Task instructions:
Transcribe exactly the lines from the one holding "Some of the words" to the end of the data below, including both of those lines and no others.

Recorded data:
______

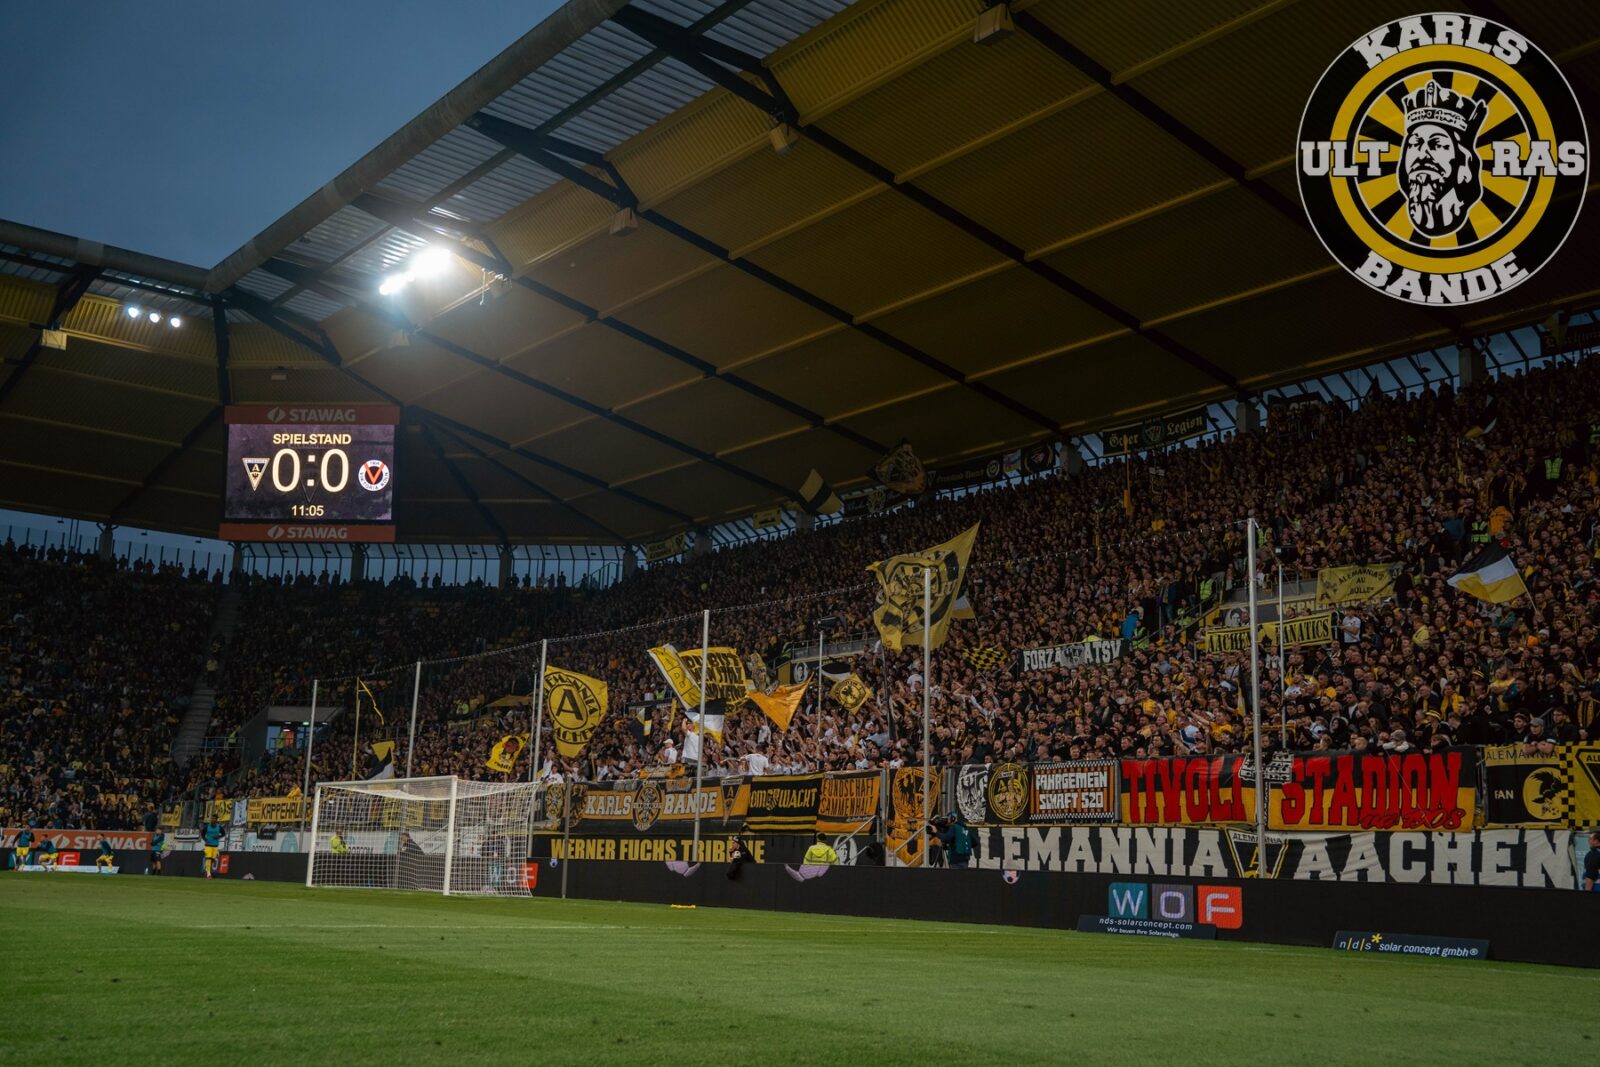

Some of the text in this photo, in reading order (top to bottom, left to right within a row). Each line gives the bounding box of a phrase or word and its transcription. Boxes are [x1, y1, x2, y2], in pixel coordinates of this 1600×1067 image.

[289, 408, 356, 422] STAWAG
[272, 433, 352, 445] SPIELSTAND
[291, 505, 324, 516] 11:05
[287, 527, 348, 539] STAWAG
[1022, 640, 1121, 672] FORZA ATSV
[543, 674, 598, 715] LEMANNIA
[555, 688, 584, 721] A
[1035, 770, 1107, 790] FAHRGEMEIN
[1123, 752, 1463, 825] TIVOLI STADION
[586, 791, 717, 815] KARLS BANDE
[1039, 792, 1079, 809] SCHAFT
[1233, 832, 1282, 845] ALEMNNIA
[550, 838, 616, 860] WERNER
[619, 839, 677, 862] FUCHS
[968, 827, 1228, 877] LEMANNIA
[1293, 829, 1575, 890] AACHEN
[1099, 917, 1193, 930] nds-solarconcept.com
[1379, 941, 1402, 952] solar
[1403, 944, 1440, 955] concept
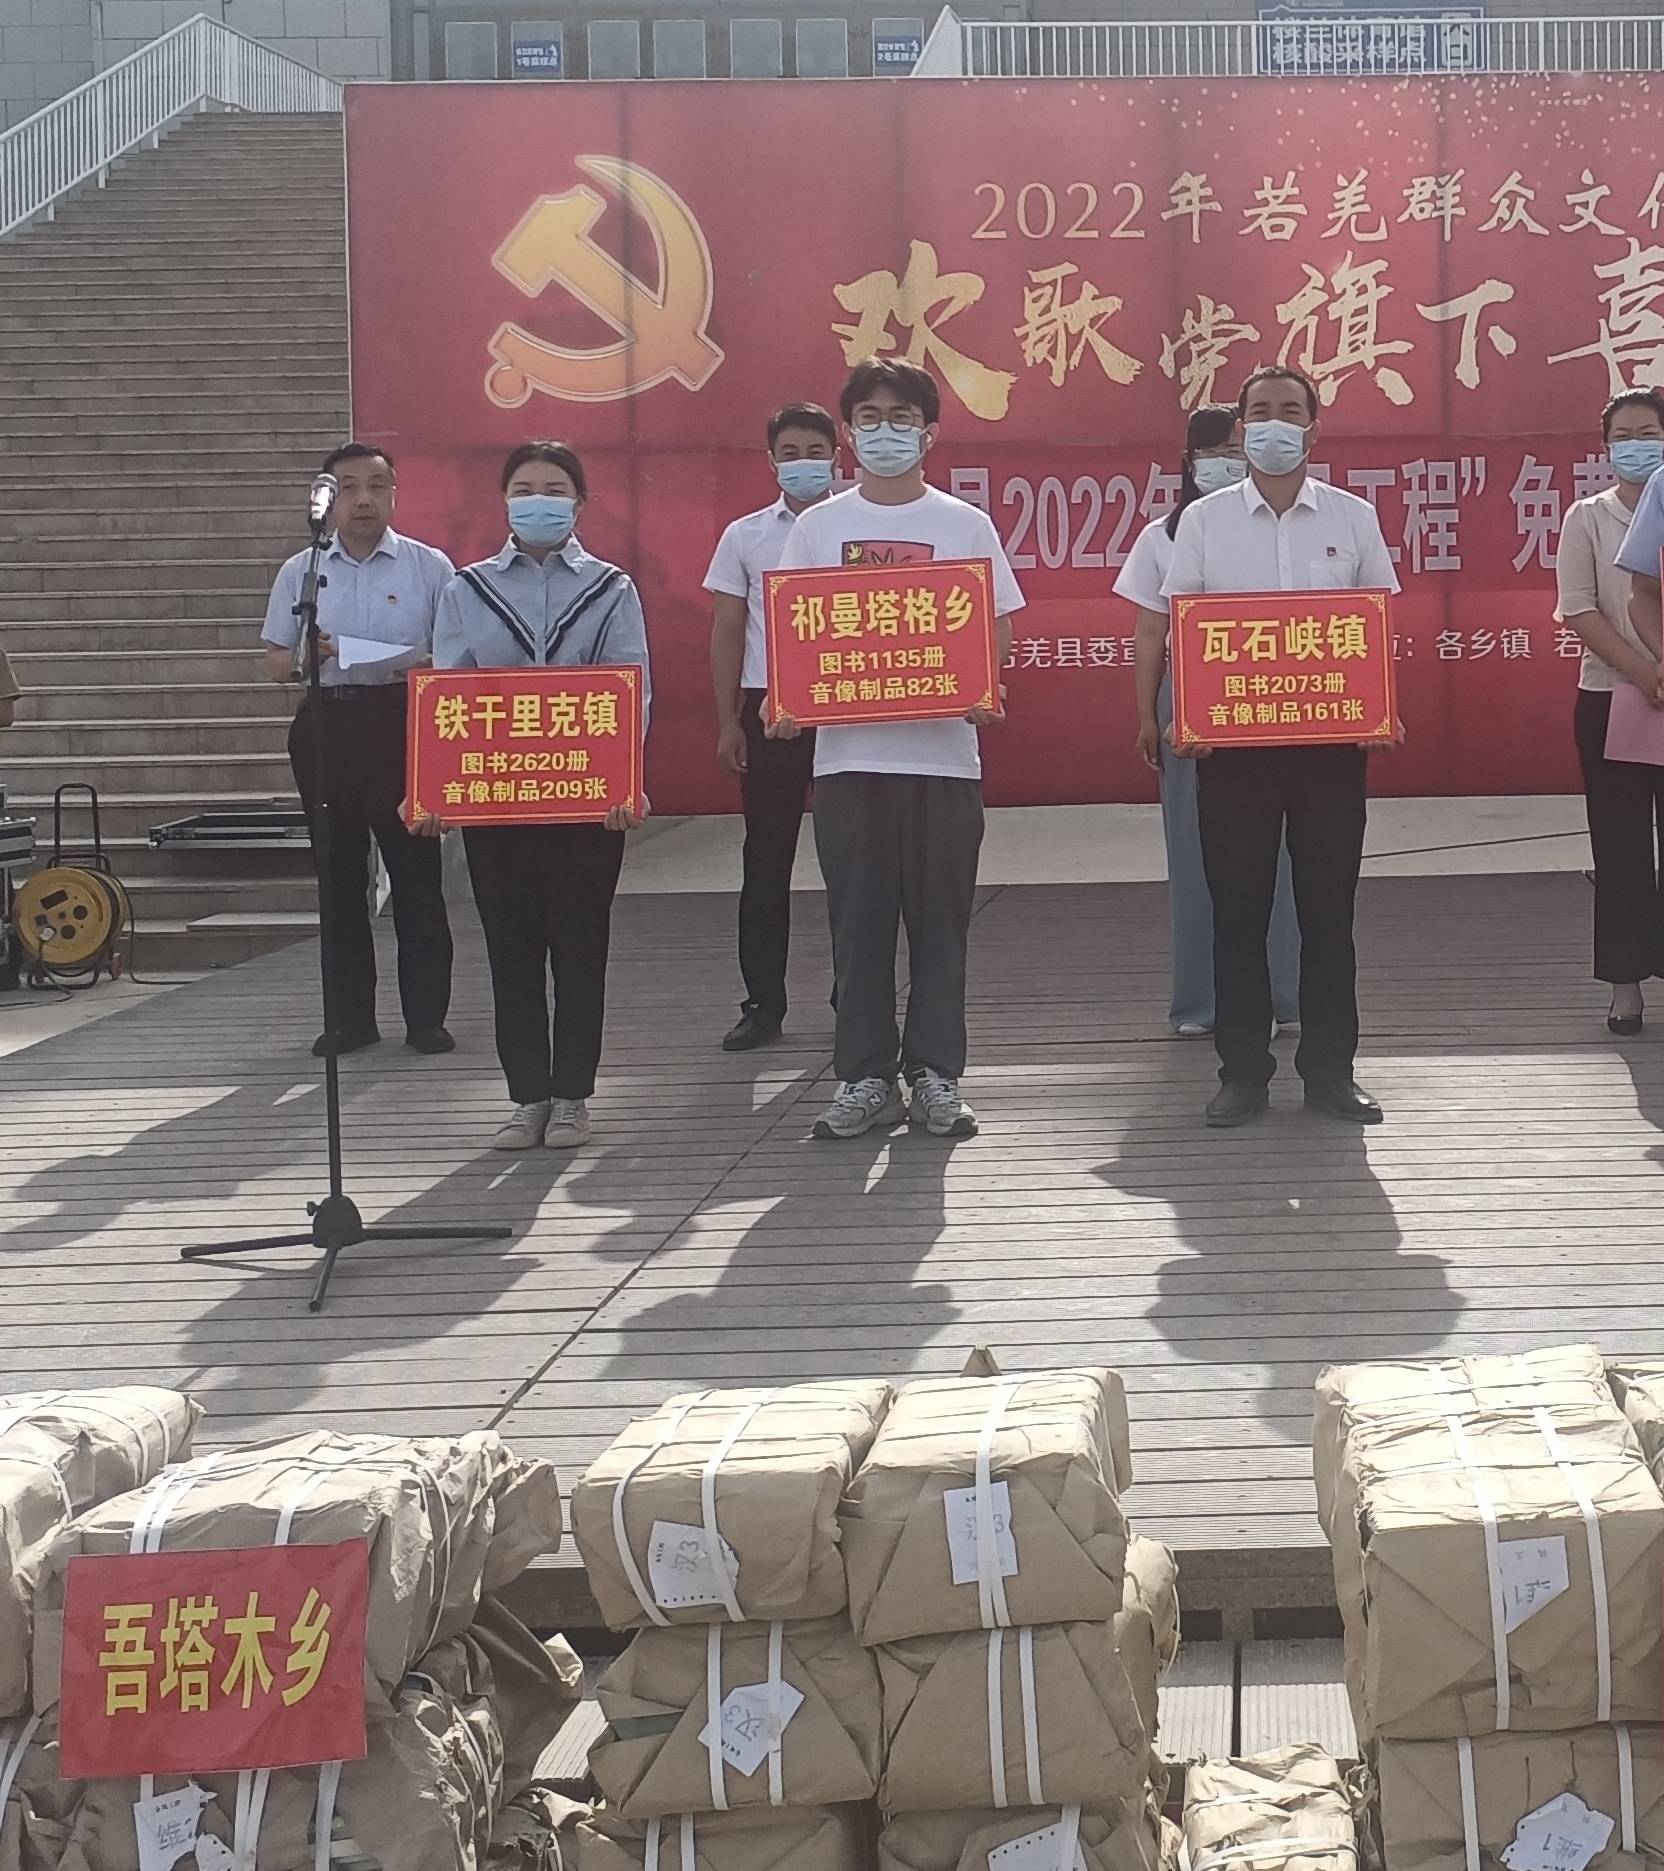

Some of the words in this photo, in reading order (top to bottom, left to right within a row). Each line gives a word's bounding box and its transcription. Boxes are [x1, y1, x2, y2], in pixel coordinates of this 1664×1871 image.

[790, 585, 973, 641] 祁曼塔格乡
[1197, 614, 1369, 663] 瓦石峡镇
[818, 646, 946, 676] 图书1135册
[808, 673, 959, 705] 音像制品82张
[1224, 672, 1347, 698] 图书2073册
[434, 691, 619, 741] 铁干里克镇
[1208, 699, 1365, 726] 音像制品161张
[461, 750, 590, 775] 图书2620册
[441, 777, 608, 804] 音像制品209张
[98, 1587, 333, 1716] 吾塔木乡

______

Answer for the task:
Some of the words in this photo, in reading order (top to bottom, left to right within a row). Each line gives a word's bounding box and its transcription. Boxes are [x1, y1, x2, y2], in pixel coordinates of this 1664×1871 image.

[790, 585, 973, 641] 祁曼塔格乡
[1197, 614, 1369, 663] 瓦石峡镇
[818, 646, 946, 676] 图书1135册
[808, 673, 959, 705] 音像制品82张
[1224, 672, 1347, 698] 图书2073册
[434, 691, 619, 741] 铁干里克镇
[1208, 699, 1365, 726] 音像制品161张
[461, 750, 590, 775] 图书2620册
[441, 777, 608, 804] 音像制品209张
[98, 1587, 333, 1716] 吾塔木乡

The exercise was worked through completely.